> **Your goal**: Set down every record below exactly as it stands, leaving out the pictures.

> **Text-to-region grounding data**:

-----

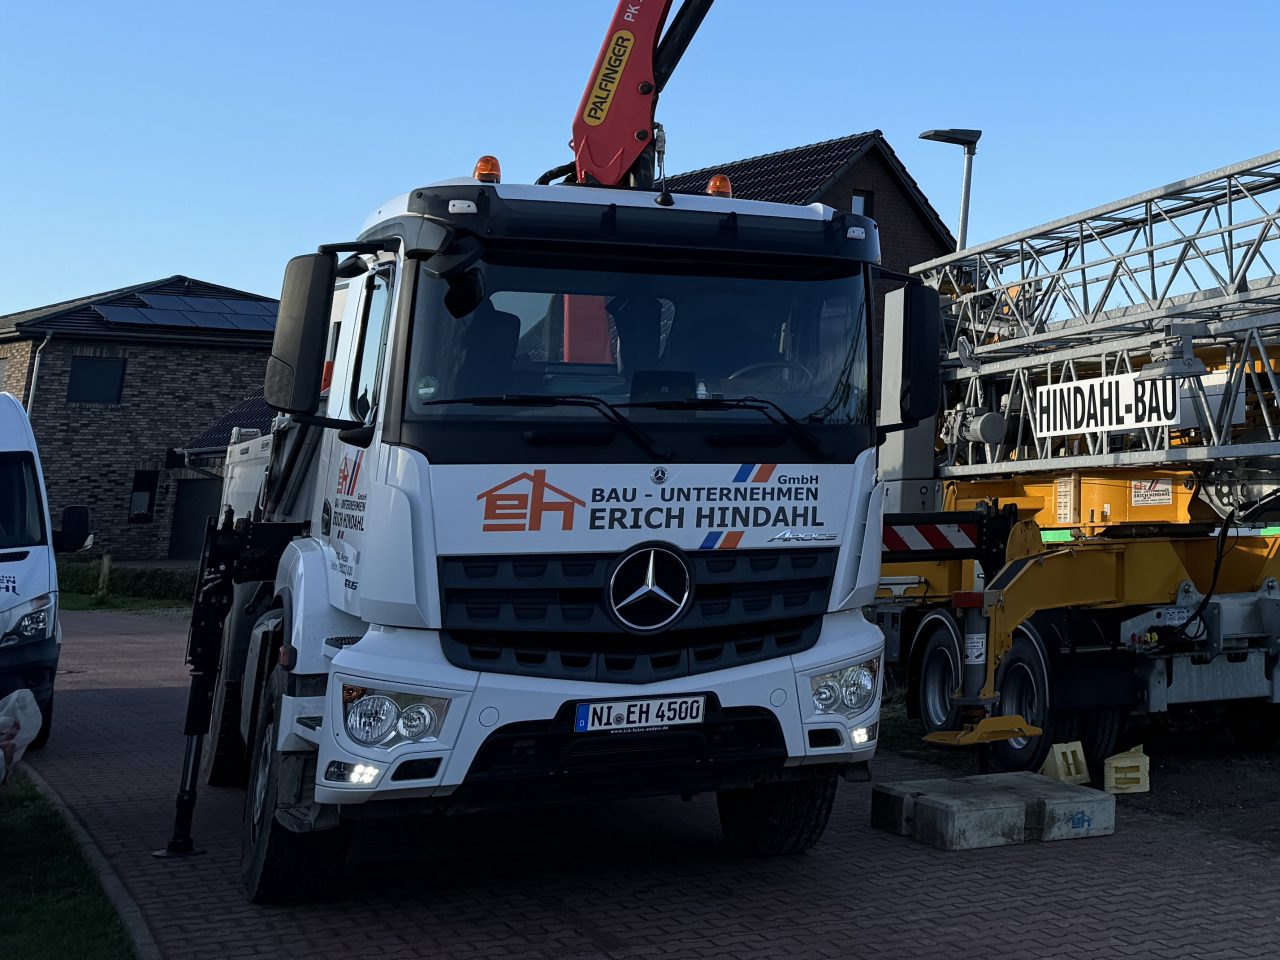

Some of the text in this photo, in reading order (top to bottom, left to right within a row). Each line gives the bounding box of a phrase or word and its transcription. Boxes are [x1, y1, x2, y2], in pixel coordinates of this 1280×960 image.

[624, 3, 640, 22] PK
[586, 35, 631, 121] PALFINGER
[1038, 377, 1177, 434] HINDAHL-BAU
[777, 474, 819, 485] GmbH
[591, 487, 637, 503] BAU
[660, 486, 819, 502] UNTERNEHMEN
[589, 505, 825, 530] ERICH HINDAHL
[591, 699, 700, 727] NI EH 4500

-----

> **Reply to the task**:
Some of the text in this photo, in reading order (top to bottom, left to right within a row). Each line gives the bounding box of a phrase or word and its transcription. Boxes are [x1, y1, x2, y2], in pixel coordinates of this 1280×960 image.

[624, 3, 640, 22] PK
[586, 35, 631, 121] PALFINGER
[1038, 377, 1177, 434] HINDAHL-BAU
[777, 474, 819, 485] GmbH
[591, 487, 637, 503] BAU
[660, 486, 819, 502] UNTERNEHMEN
[589, 505, 825, 530] ERICH HINDAHL
[591, 699, 700, 727] NI EH 4500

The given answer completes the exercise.